**Task goal**
Could you return the data that follows exactly, minus the images?
═══ Extracted information
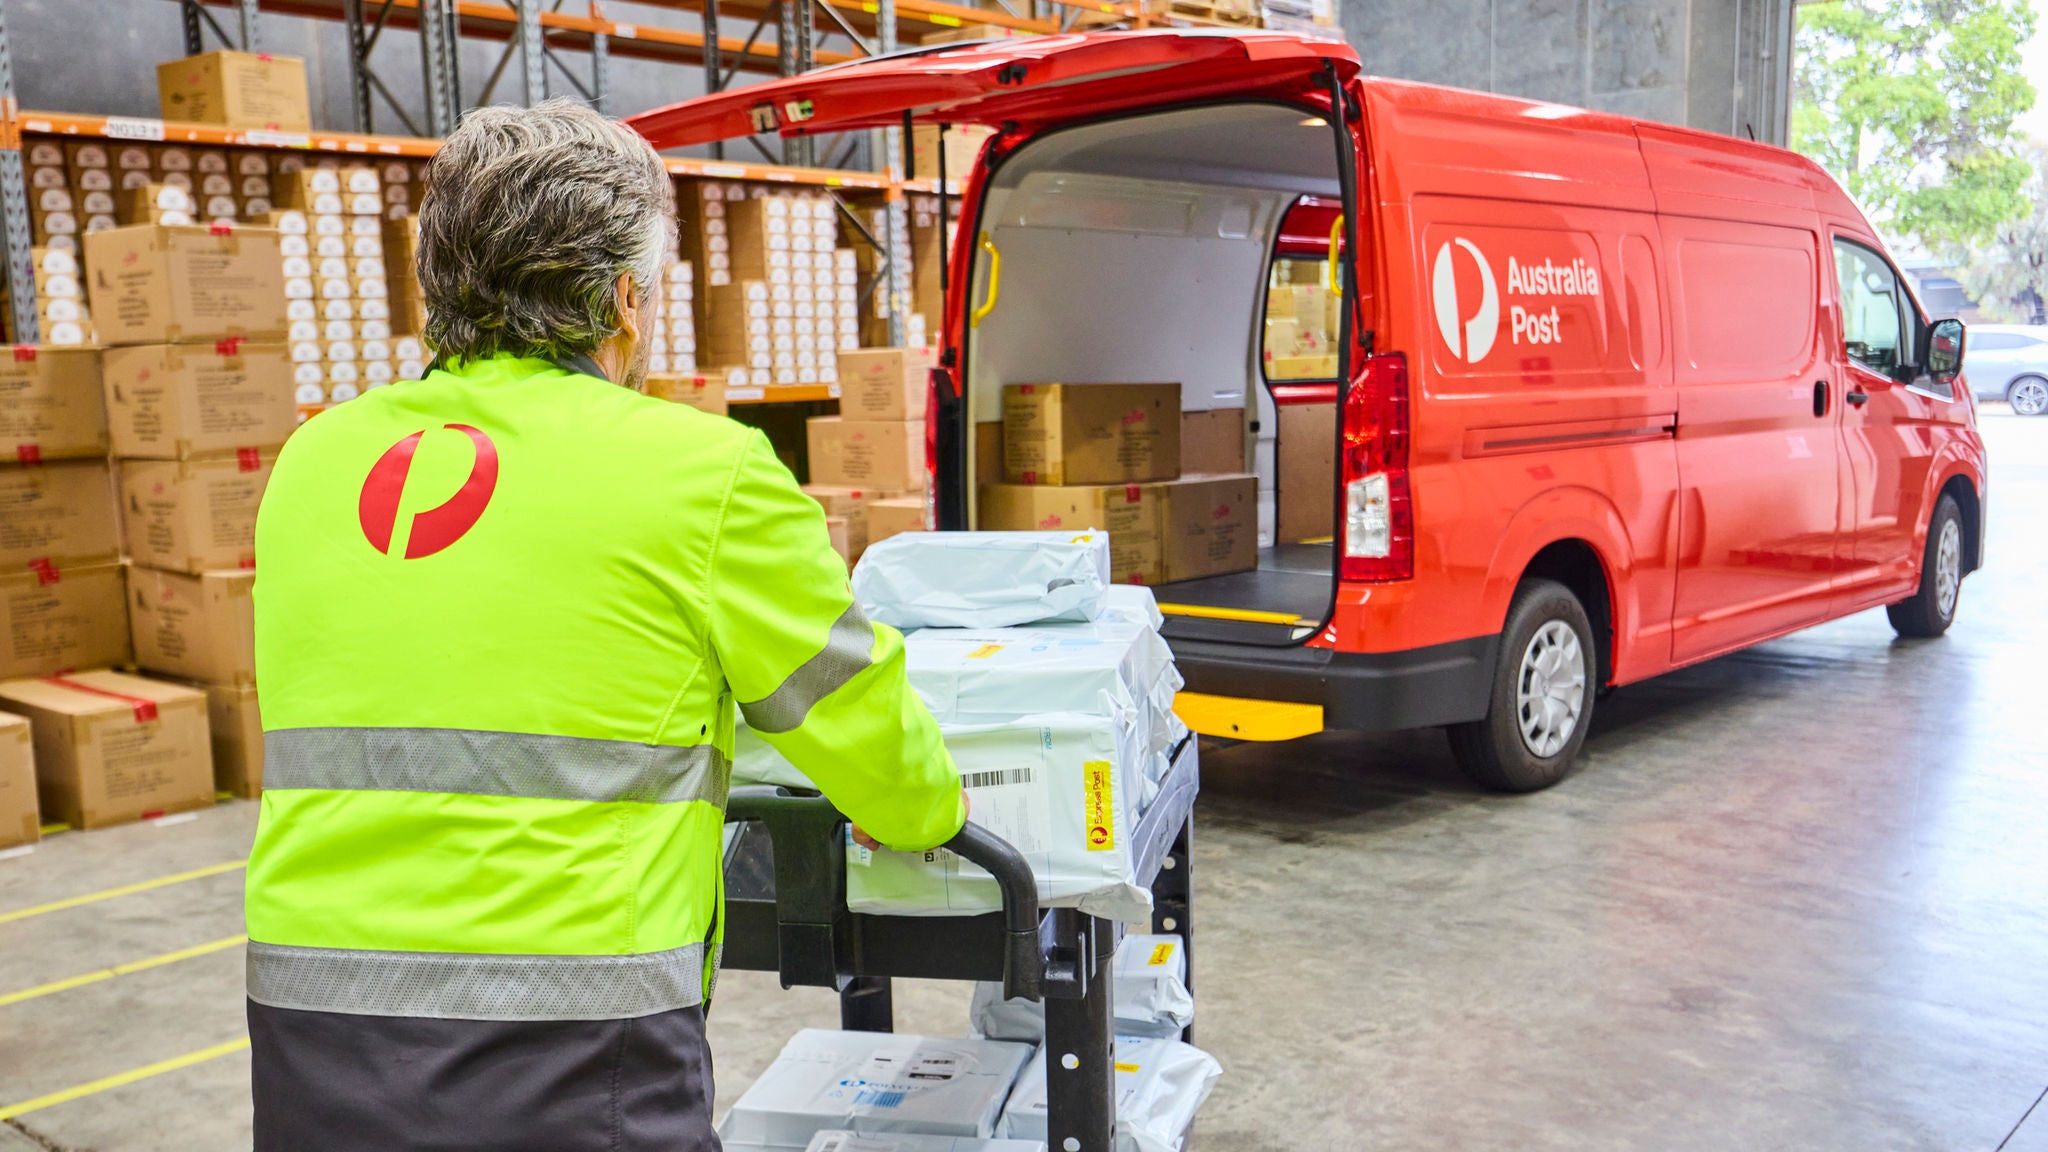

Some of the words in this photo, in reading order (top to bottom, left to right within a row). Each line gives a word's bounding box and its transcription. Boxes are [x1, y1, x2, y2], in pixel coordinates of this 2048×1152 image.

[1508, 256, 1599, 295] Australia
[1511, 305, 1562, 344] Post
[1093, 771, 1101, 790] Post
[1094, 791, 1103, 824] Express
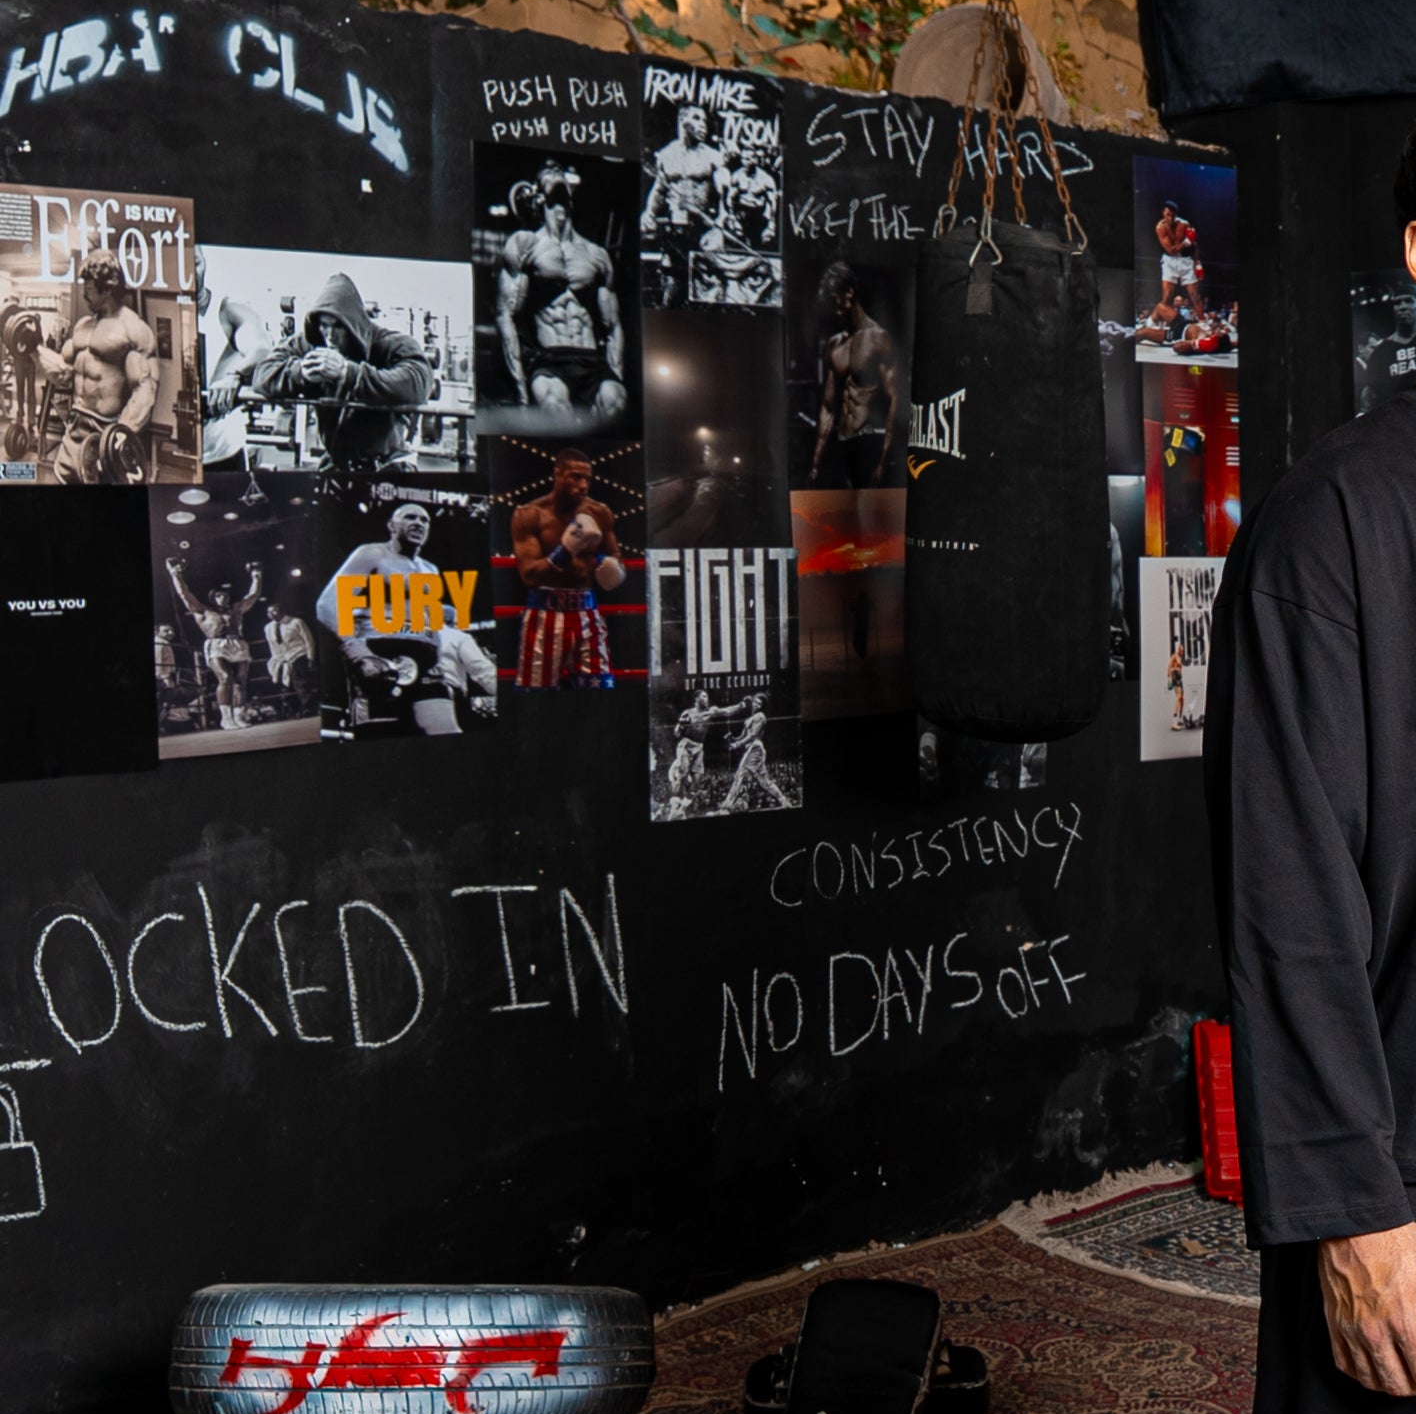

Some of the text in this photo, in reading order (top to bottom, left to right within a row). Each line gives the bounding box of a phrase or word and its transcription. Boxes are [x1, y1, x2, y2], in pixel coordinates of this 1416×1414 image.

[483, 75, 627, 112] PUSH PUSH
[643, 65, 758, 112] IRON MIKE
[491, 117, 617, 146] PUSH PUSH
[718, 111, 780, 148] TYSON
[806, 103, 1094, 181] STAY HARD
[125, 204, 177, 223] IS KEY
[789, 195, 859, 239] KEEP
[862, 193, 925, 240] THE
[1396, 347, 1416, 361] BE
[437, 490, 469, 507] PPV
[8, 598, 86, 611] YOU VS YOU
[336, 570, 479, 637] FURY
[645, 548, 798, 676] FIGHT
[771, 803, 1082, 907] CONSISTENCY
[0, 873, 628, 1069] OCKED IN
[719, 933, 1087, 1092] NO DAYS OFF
══════
**Answer to the problem**
Some of the words in this photo, in reading order (top to bottom, left to right within a row). Each line gives a word's bounding box and its transcription. Boxes are [x1, y1, x2, y2], in pixel coordinates of this 2048×1152 image.

[1508, 256, 1599, 295] Australia
[1511, 305, 1562, 344] Post
[1093, 771, 1101, 790] Post
[1094, 791, 1103, 824] Express

Some of the text in this photo, in reading order (top to bottom, left to right within a row). Each line gives the bounding box of a phrase or word and its transcription. Boxes are [x1, y1, x2, y2], in pixel coordinates of this 1416×1414 image.

[483, 75, 627, 112] PUSH PUSH
[643, 65, 758, 112] IRON MIKE
[491, 117, 617, 146] PUSH PUSH
[718, 111, 780, 148] TYSON
[806, 103, 1094, 181] STAY HARD
[125, 204, 177, 223] IS KEY
[789, 195, 859, 239] KEEP
[862, 193, 925, 240] THE
[1396, 347, 1416, 361] BE
[437, 490, 469, 507] PPV
[8, 598, 86, 611] YOU VS YOU
[336, 570, 479, 637] FURY
[645, 548, 798, 676] FIGHT
[771, 803, 1082, 907] CONSISTENCY
[0, 873, 628, 1069] OCKED IN
[719, 933, 1087, 1092] NO DAYS OFF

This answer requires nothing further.